*PROBLEM DETAILS*
Output the listing below exactly, minus its images.
□ □ □ □ □
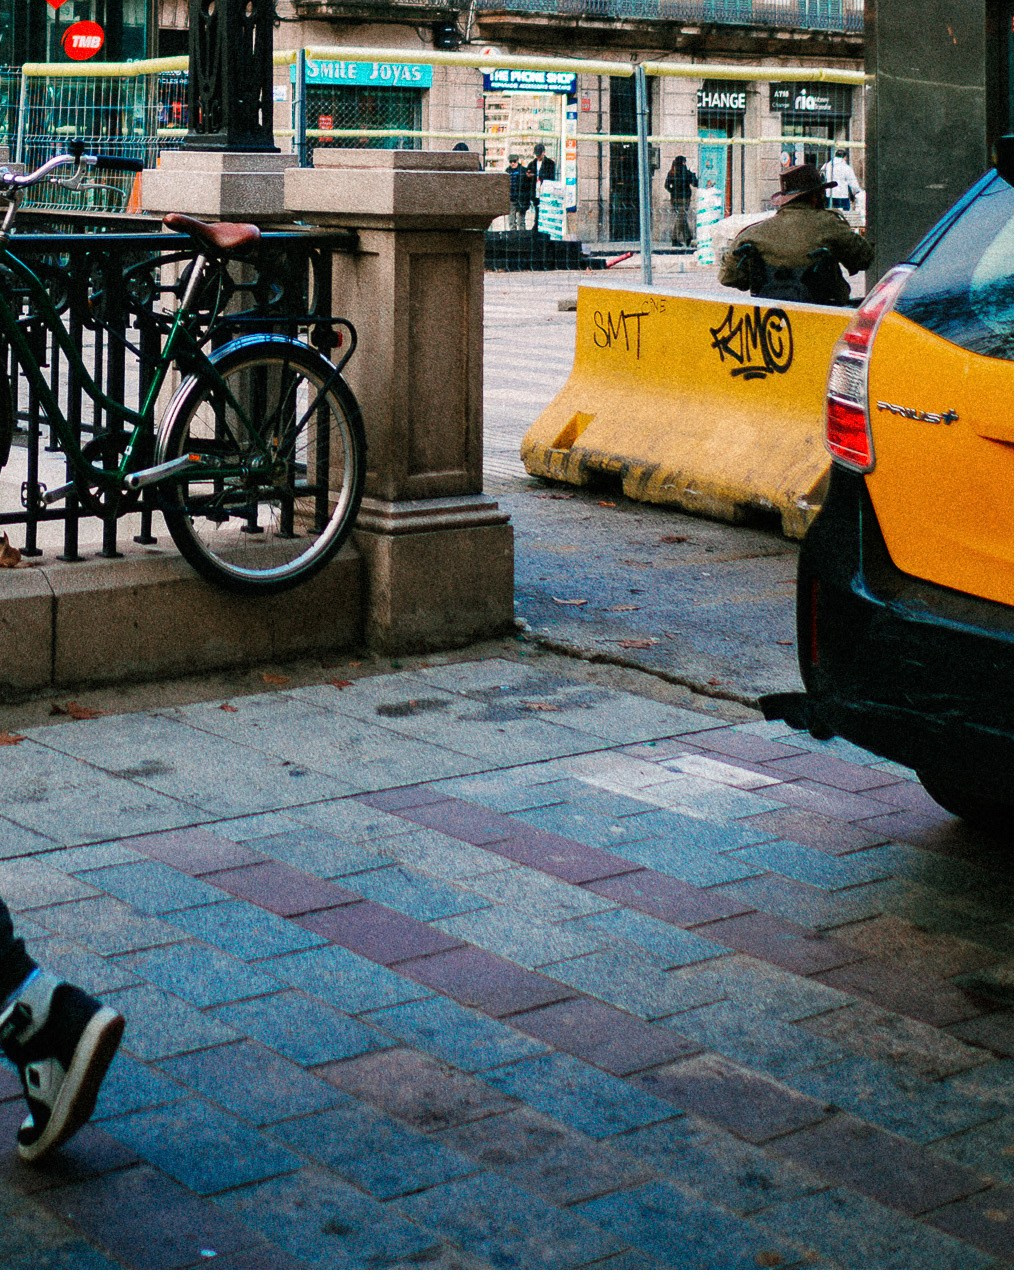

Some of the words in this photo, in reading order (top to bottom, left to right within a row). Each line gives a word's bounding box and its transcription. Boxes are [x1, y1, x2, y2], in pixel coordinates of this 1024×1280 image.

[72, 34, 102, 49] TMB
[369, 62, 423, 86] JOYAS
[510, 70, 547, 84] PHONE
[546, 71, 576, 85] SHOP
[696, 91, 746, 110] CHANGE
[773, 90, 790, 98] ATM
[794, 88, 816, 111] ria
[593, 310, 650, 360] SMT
□ □ □ □ □
*WRITTEN ANSWER*
Some of the words in this photo, in reading order (top to bottom, left to right within a row). Each line gives a word's bounding box and its transcription. Boxes are [x1, y1, x2, y2], in pixel coordinates of this 1024×1280 image.

[72, 34, 102, 49] TMB
[369, 62, 423, 86] JOYAS
[510, 70, 547, 84] PHONE
[546, 71, 576, 85] SHOP
[696, 91, 746, 110] CHANGE
[773, 90, 790, 98] ATM
[794, 88, 816, 111] ria
[593, 310, 650, 360] SMT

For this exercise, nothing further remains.